• **Directions for this task**: Below are the records; restate all of them exactly.

──────── Recorded information ────────

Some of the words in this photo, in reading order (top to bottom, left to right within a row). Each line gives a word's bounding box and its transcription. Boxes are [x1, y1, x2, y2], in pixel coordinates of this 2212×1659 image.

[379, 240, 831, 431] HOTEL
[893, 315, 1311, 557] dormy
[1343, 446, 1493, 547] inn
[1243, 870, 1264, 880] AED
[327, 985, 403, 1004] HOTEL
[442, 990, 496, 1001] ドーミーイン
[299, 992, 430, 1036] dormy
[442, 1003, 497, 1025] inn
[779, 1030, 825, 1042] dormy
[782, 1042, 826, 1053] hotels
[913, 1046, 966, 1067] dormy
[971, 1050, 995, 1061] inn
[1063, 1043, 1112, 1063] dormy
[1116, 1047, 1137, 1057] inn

────────

• **Worked solution**:
Some of the words in this photo, in reading order (top to bottom, left to right within a row). Each line gives a word's bounding box and its transcription. Boxes are [x1, y1, x2, y2], in pixel coordinates of this 2212×1659 image.

[379, 240, 831, 431] HOTEL
[893, 315, 1311, 557] dormy
[1343, 446, 1493, 547] inn
[1243, 870, 1264, 880] AED
[327, 985, 403, 1004] HOTEL
[442, 990, 496, 1001] ドーミーイン
[299, 992, 430, 1036] dormy
[442, 1003, 497, 1025] inn
[779, 1030, 825, 1042] dormy
[782, 1042, 826, 1053] hotels
[913, 1046, 966, 1067] dormy
[971, 1050, 995, 1061] inn
[1063, 1043, 1112, 1063] dormy
[1116, 1047, 1137, 1057] inn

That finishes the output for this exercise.